##### Material for the task #####

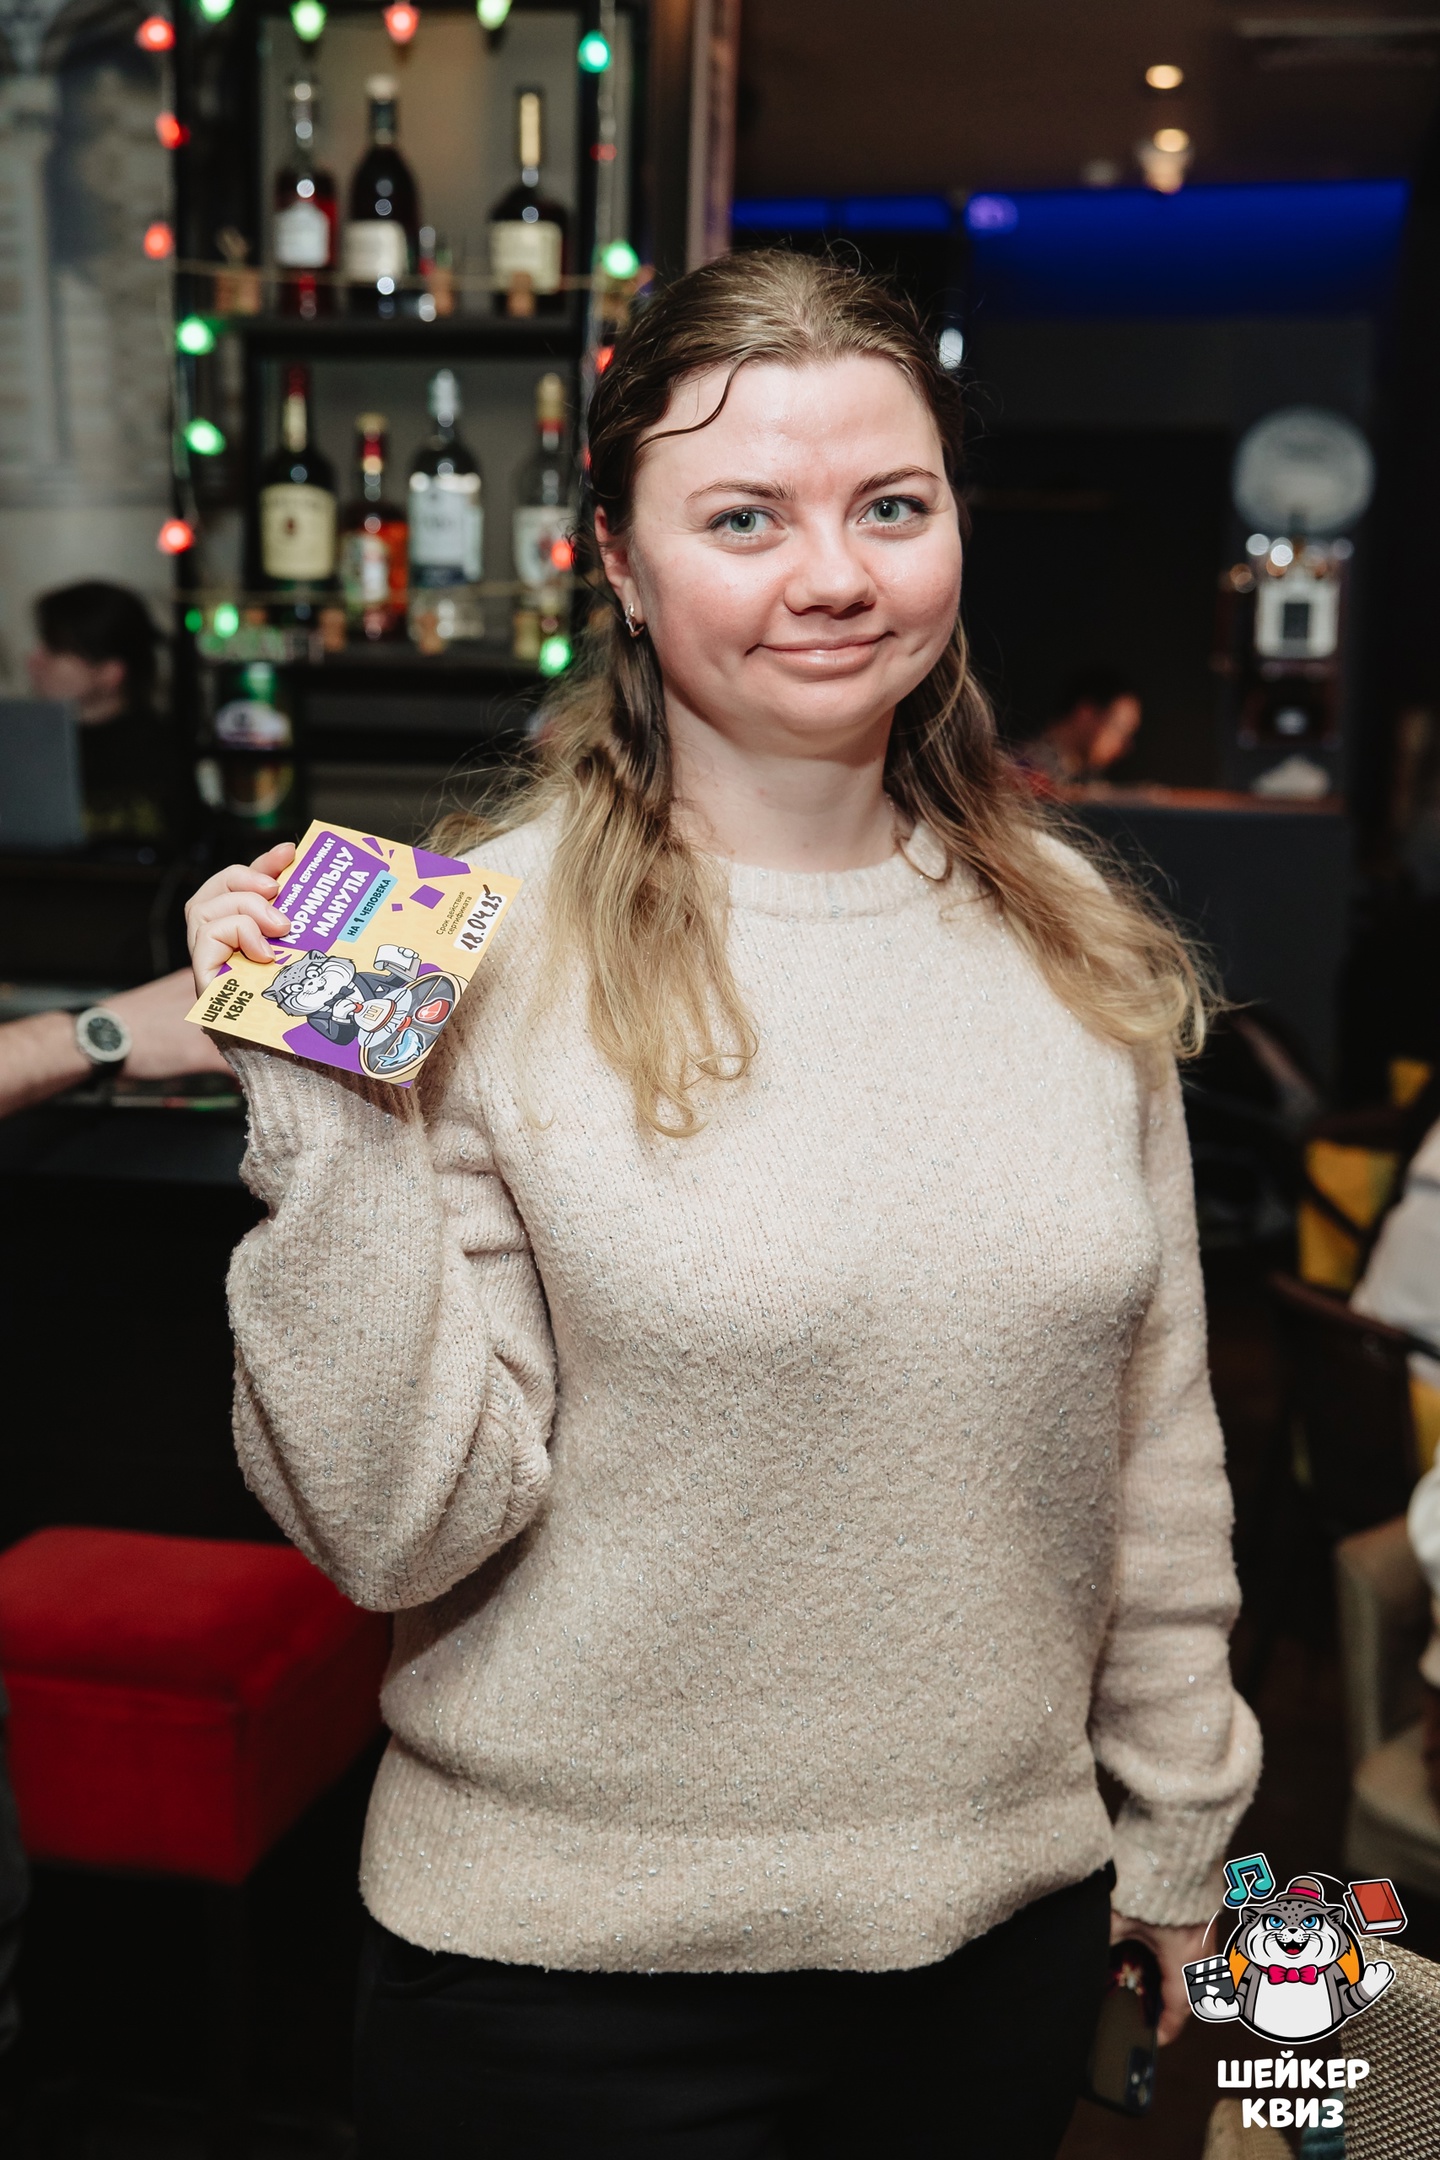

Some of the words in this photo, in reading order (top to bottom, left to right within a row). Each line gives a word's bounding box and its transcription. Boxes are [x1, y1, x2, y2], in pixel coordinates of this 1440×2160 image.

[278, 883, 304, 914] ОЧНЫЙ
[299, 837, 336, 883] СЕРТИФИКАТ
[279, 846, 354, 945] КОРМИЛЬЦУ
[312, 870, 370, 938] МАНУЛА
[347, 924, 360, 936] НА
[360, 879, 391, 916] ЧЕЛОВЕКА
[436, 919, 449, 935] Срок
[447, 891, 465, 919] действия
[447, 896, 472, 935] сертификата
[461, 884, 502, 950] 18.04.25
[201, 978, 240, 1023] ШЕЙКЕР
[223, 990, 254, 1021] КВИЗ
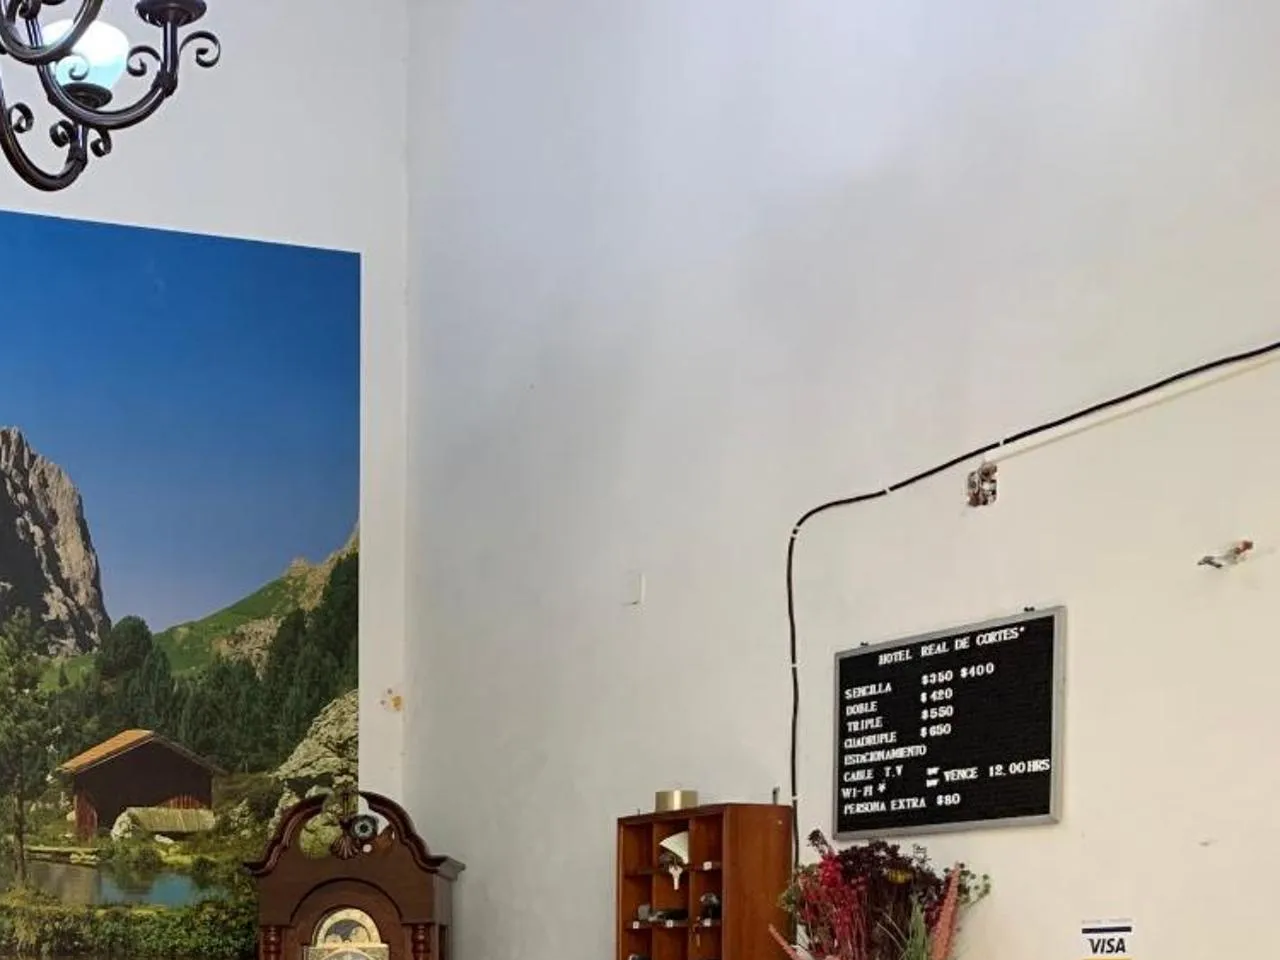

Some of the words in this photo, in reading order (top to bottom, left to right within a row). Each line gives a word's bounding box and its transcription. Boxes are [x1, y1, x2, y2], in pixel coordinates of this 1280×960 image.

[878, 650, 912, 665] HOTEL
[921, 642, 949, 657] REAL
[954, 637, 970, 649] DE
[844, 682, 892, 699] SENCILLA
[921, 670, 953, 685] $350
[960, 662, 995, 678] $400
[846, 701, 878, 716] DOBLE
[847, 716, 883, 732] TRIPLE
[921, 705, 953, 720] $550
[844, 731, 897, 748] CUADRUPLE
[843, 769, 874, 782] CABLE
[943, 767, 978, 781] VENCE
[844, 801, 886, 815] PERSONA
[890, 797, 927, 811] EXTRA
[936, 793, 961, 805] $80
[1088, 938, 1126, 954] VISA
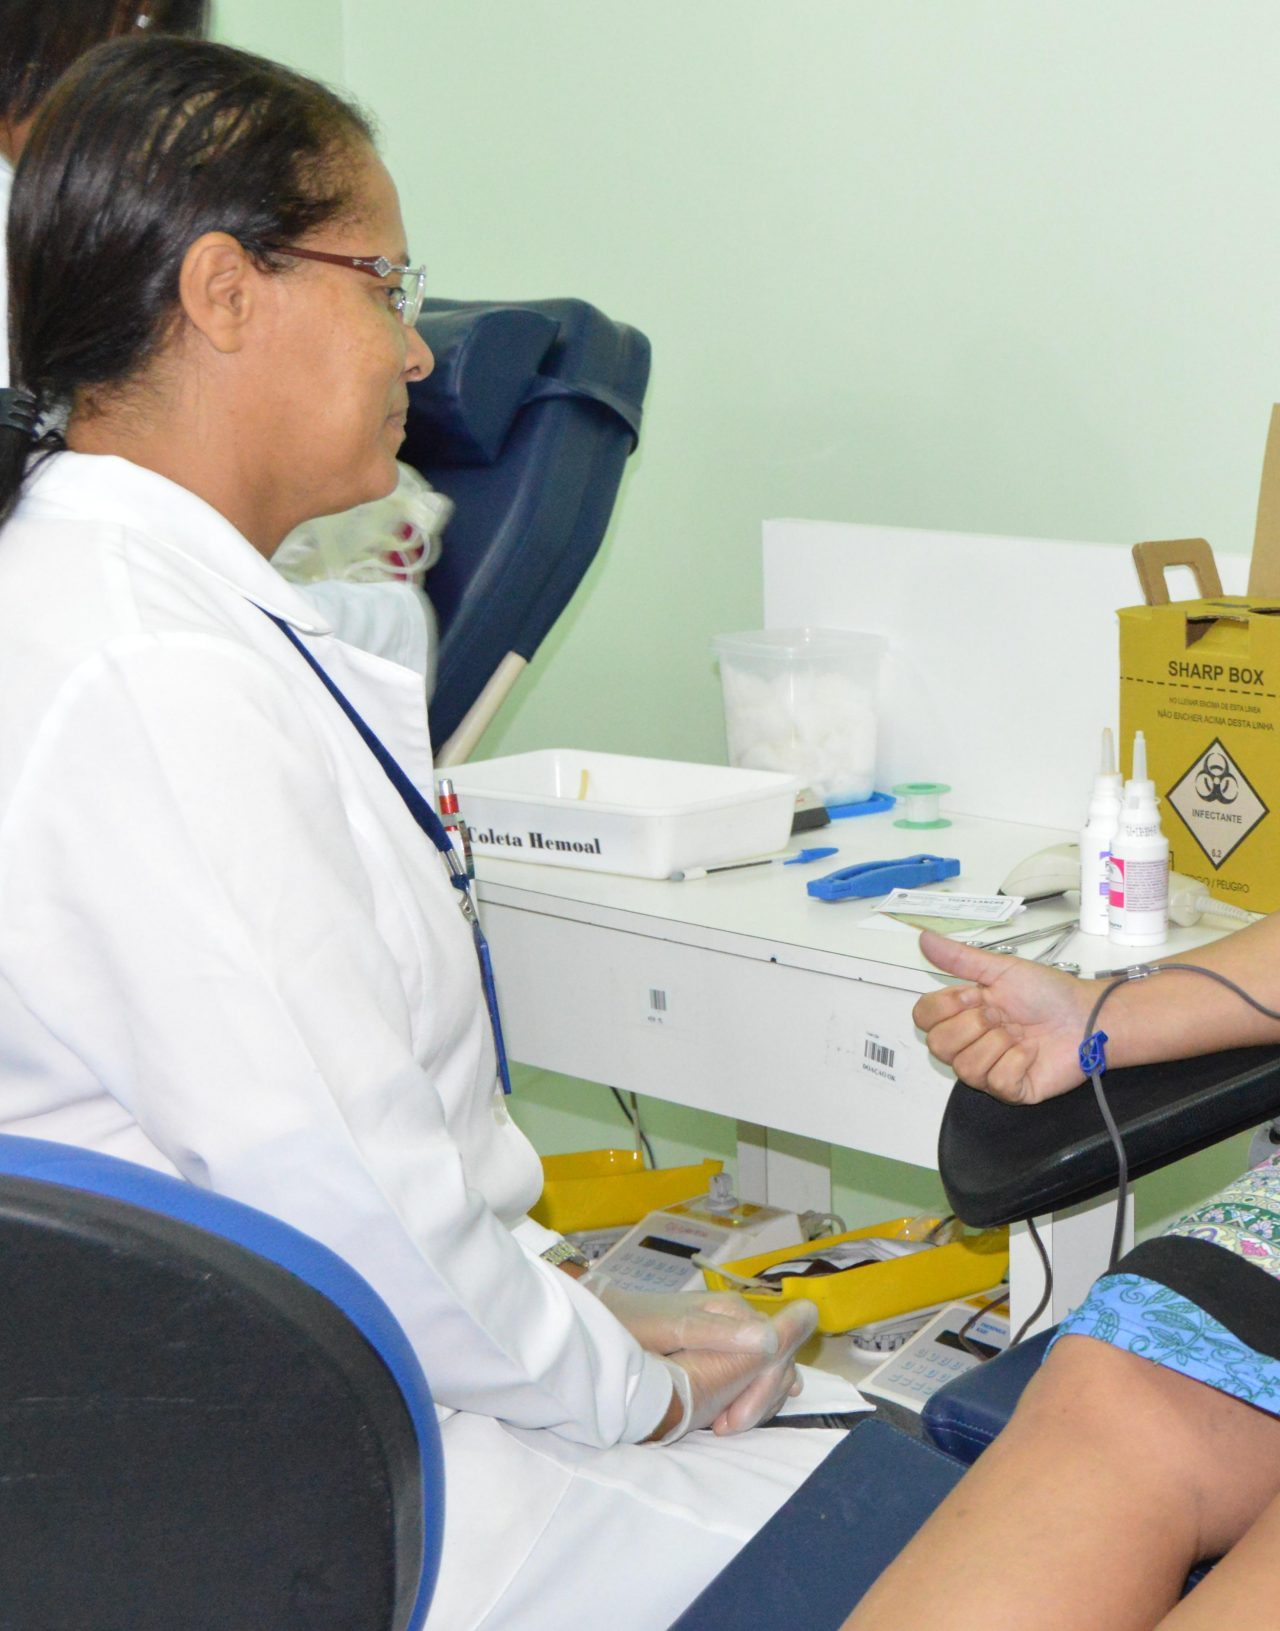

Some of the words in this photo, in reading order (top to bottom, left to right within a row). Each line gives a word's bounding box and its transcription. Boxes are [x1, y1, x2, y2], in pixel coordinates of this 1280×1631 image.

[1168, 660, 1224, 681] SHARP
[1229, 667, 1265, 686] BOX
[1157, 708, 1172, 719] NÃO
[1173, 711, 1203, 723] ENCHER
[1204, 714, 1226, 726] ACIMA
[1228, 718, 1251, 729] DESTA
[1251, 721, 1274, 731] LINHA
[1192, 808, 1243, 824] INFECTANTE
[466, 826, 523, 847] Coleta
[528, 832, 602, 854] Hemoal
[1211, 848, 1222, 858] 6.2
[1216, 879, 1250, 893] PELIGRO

#####

**Directions**
Each entry above should be restated word for word, though no picture may appear in the copy.

**Solution**
Some of the words in this photo, in reading order (top to bottom, left to right within a row). Each line gives a word's bounding box and its transcription. Boxes are [x1, y1, x2, y2], in pixel coordinates of this 1440×2160 image.

[278, 883, 304, 914] ОЧНЫЙ
[299, 837, 336, 883] СЕРТИФИКАТ
[279, 846, 354, 945] КОРМИЛЬЦУ
[312, 870, 370, 938] МАНУЛА
[347, 924, 360, 936] НА
[360, 879, 391, 916] ЧЕЛОВЕКА
[436, 919, 449, 935] Срок
[447, 891, 465, 919] действия
[447, 896, 472, 935] сертификата
[461, 884, 502, 950] 18.04.25
[201, 978, 240, 1023] ШЕЙКЕР
[223, 990, 254, 1021] КВИЗ

Some of the words in this photo, in reading order (top to bottom, left to right within a row). Each line gives a word's bounding box and its transcription. Boxes are [x1, y1, x2, y2], in pixel coordinates of this 1280×960 image.

[878, 650, 912, 665] HOTEL
[921, 642, 949, 657] REAL
[954, 637, 970, 649] DE
[844, 682, 892, 699] SENCILLA
[921, 670, 953, 685] $350
[960, 662, 995, 678] $400
[846, 701, 878, 716] DOBLE
[847, 716, 883, 732] TRIPLE
[921, 705, 953, 720] $550
[844, 731, 897, 748] CUADRUPLE
[843, 769, 874, 782] CABLE
[943, 767, 978, 781] VENCE
[844, 801, 886, 815] PERSONA
[890, 797, 927, 811] EXTRA
[936, 793, 961, 805] $80
[1088, 938, 1126, 954] VISA

Some of the words in this photo, in reading order (top to bottom, left to right within a row). Each line gives a word's bounding box and its transcription. Boxes are [x1, y1, x2, y2], in pixel coordinates of this 1280×1631 image.

[1168, 660, 1224, 681] SHARP
[1229, 667, 1265, 686] BOX
[1157, 708, 1172, 719] NÃO
[1173, 711, 1203, 723] ENCHER
[1204, 714, 1226, 726] ACIMA
[1228, 718, 1251, 729] DESTA
[1251, 721, 1274, 731] LINHA
[1192, 808, 1243, 824] INFECTANTE
[466, 826, 523, 847] Coleta
[528, 832, 602, 854] Hemoal
[1211, 848, 1222, 858] 6.2
[1216, 879, 1250, 893] PELIGRO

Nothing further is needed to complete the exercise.